--- START ---

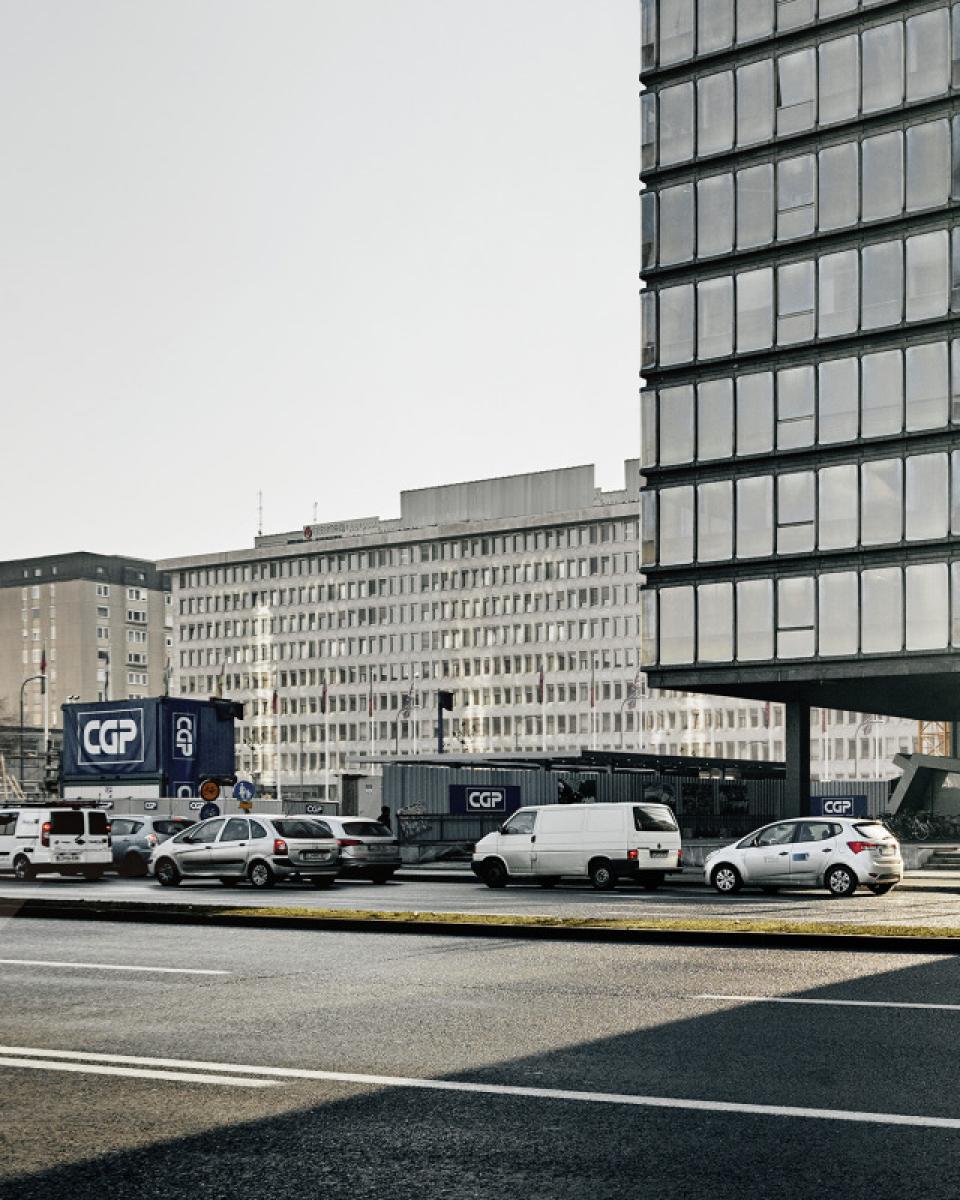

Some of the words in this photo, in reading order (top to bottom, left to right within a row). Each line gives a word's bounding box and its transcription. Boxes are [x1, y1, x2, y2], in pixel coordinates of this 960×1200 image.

[83, 719, 138, 755] CGP
[176, 716, 193, 757] CGP
[469, 791, 502, 808] CGP
[824, 800, 852, 814] CGP
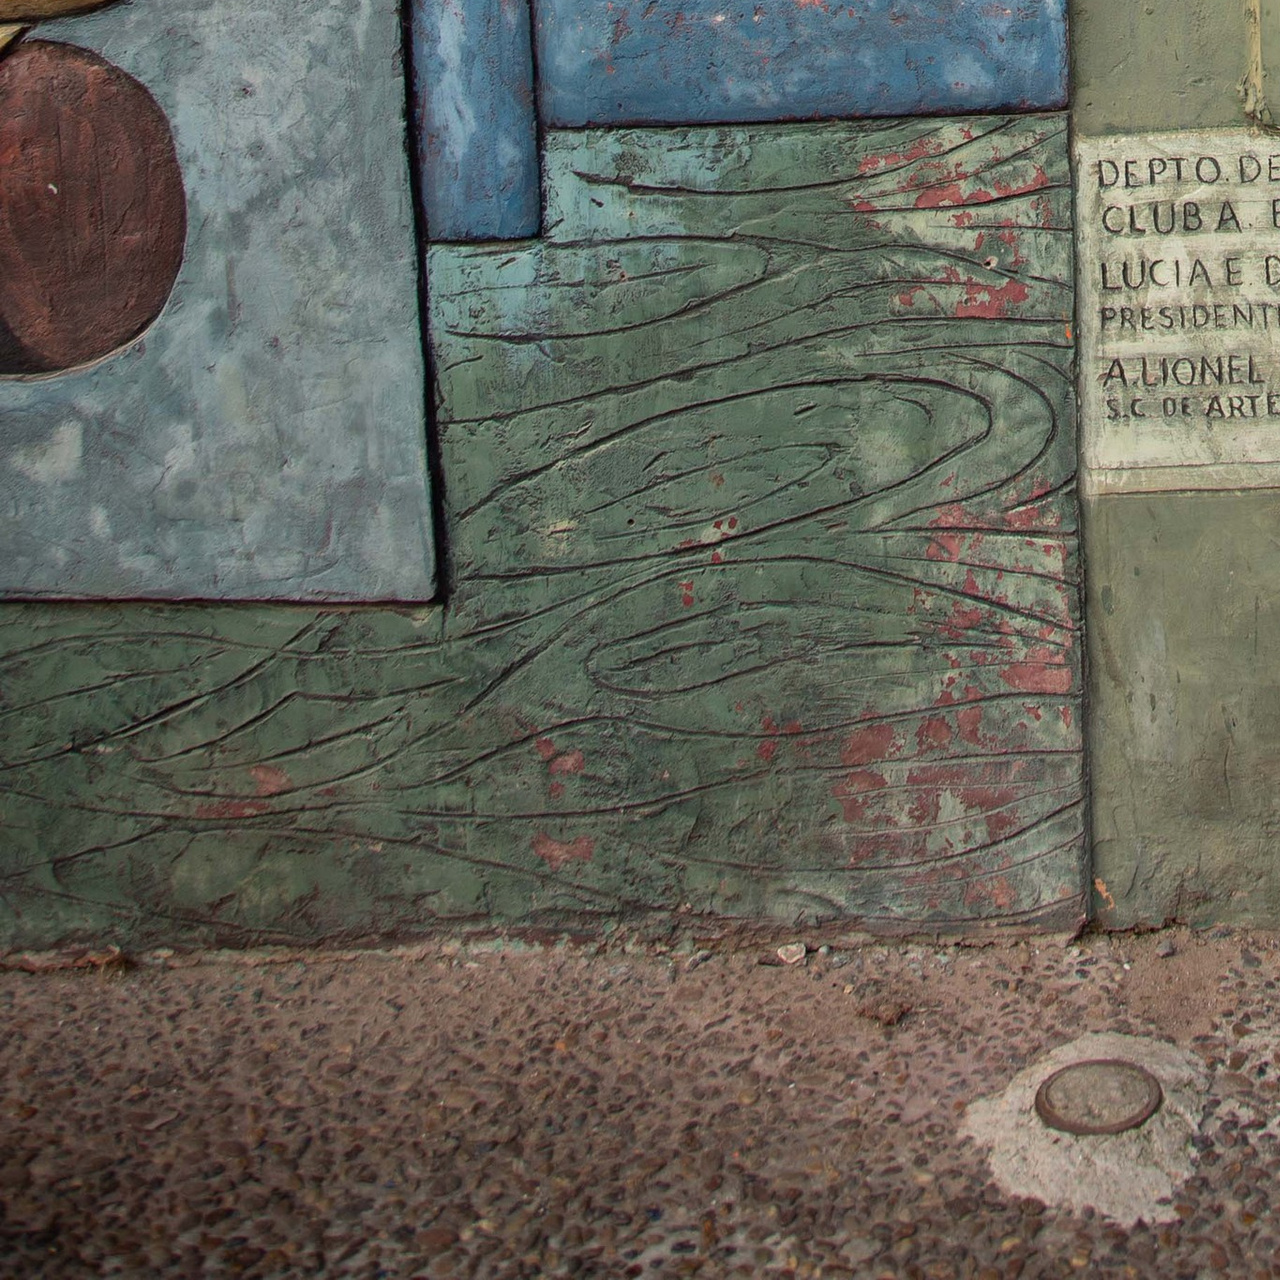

--- END ---

# WHAT THE TASK ASKS:
Please reproduce all the material exactly. Pictures stay out of the copy.

# COMPLETED TASK:
Some of the words in this photo, in reading order (top to bottom, left to right within a row). Each line gives a word's bounding box and its transcription. Boxes are [x1, y1, x2, y2], in pixel coordinates of this 960×1200 image.

[83, 719, 138, 755] CGP
[176, 716, 193, 757] CGP
[469, 791, 502, 808] CGP
[824, 800, 852, 814] CGP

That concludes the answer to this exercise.